Predictive factors for developing persistent transaminitis during MTX treatment for RA

Variables at baseline Unadjusted HR (95% CI) P-value Adjusted HR (95% CI) P-value
Age per 1 year more 1.00 (0.98, 1.02) 0.98
Male vs female 0.68 (0.32, 1.44) 0.31
Weekly dose of MTX per 1.0 mg more 1.11 (0.96, 1.29) 0.16
RA duration per 1 month more 1.00 (1.00, 1.00) 0.38
Anti-CCP positive 2.04 (0.50, 8.39) 0.32
RF positive 0.80 (0.38, 1.67) 0.55
Steinbrocker’s stages III/IV vs I/II 1.39 (0.72, 2.68) 0.33
CRP ≥1.5 mg/dl 1.33 (0.73, 2.42) 0.36
ESR ≥28 mm/h 1.96 (1.00, 3.89) 0.051
L/S ratio on high-resolution CT
 ≥1.3 (no fat deposition) Reference Reference
 ≥1.1 and <1.3 (mild fat deposition) 1.88 (0.95, 3.74) 0.072 1.85 (0.94, 3.67) 0.070
 <1.1 (moderate to severe fat deposition) 10.76 (4.75, 24.37) <0.001 7.69 (3.10, 19.10) <0.001
Obesity (BMI ≥25 kg/m2) 3.50 (1.94, 6.33) <0.001 2.68 (1.37, 5.25) 0.004
Hypertension 1.49 (0.83, 2.67) 0.18
Type 2 diabetes 2.25 (0.87, 5.81) 0.10 2.76 (1.02, 7.48) 0.046
Chronic kidney disease 0.55 (0.20, 1.51) 0.24
Current/ex-smokers 0.65 (0.33, 1.28) 0.21
NSAID use 1.51 (0.84, 2.72) 0.17
Prednisolone use 2.01 (1.11, 3.64) 0.020 1.96 (1.09, 3.51) 0.030
bDMARD use 0.38 (0.05, 2.86) 0.34

Univariate and multivariate Fine–Gray competing risks regression analyses were conducted to evaluate baseline patient-specific factors that predict the development of persistent transaminitis during MTX treatment.
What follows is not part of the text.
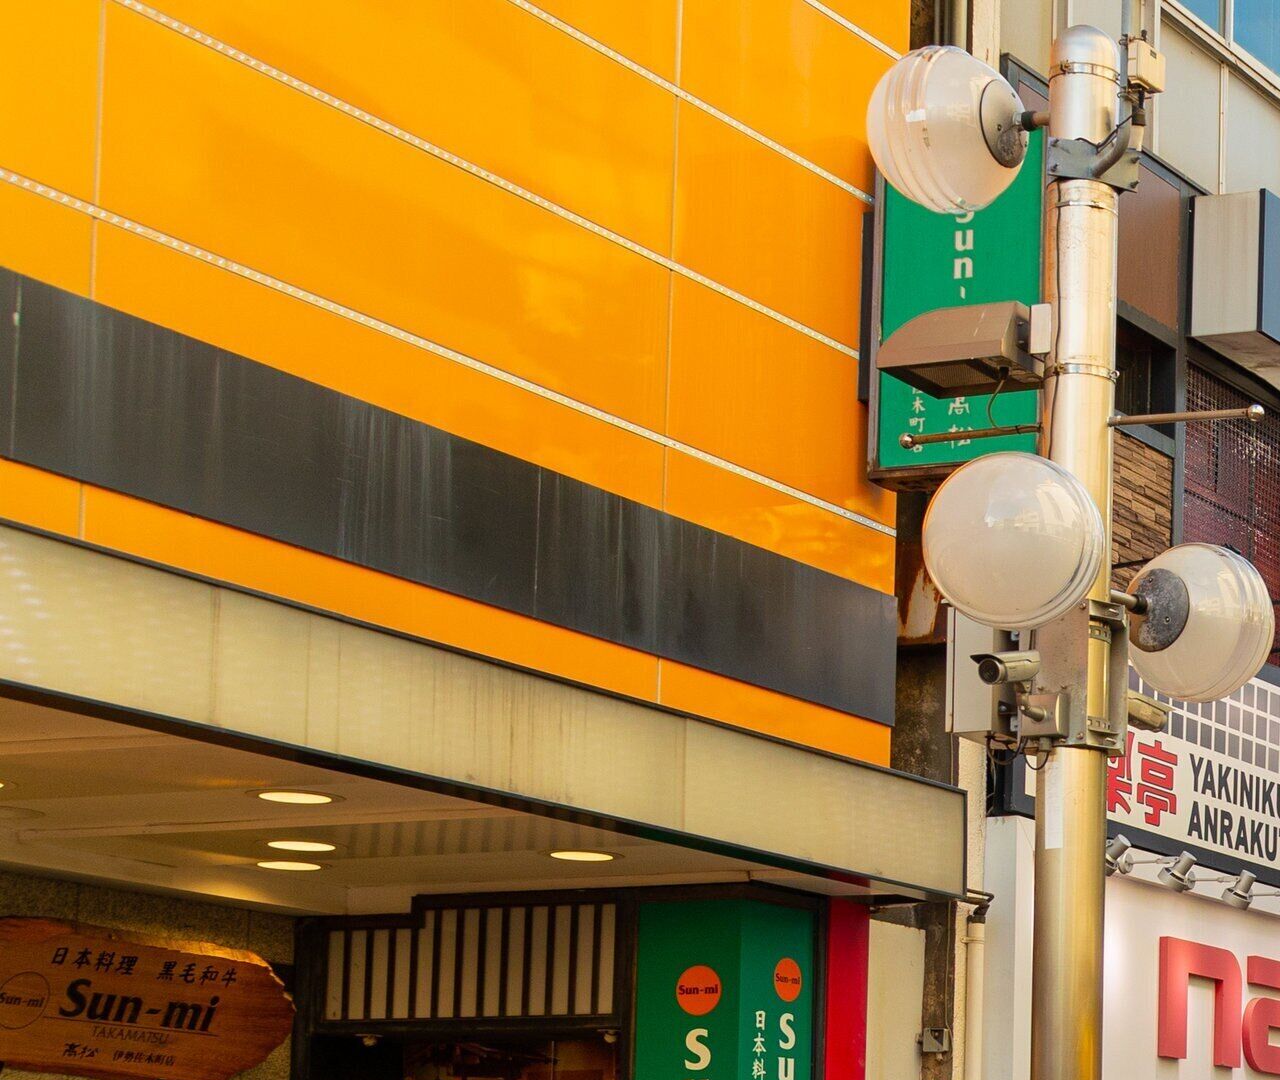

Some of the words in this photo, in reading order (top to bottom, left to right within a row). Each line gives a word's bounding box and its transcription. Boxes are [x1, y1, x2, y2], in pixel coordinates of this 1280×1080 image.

All variables with P-values <0.20 in the univariate Fine–Gray models were introduced into multivariate analysis. Variables that remained in the final multivariate model are shown as significant predictive factors for persistent transaminitis.

bDMARDs: biological DMARDs; HR: hazard ratio; L/S ratio: liver-to-spleen attenuation ratio.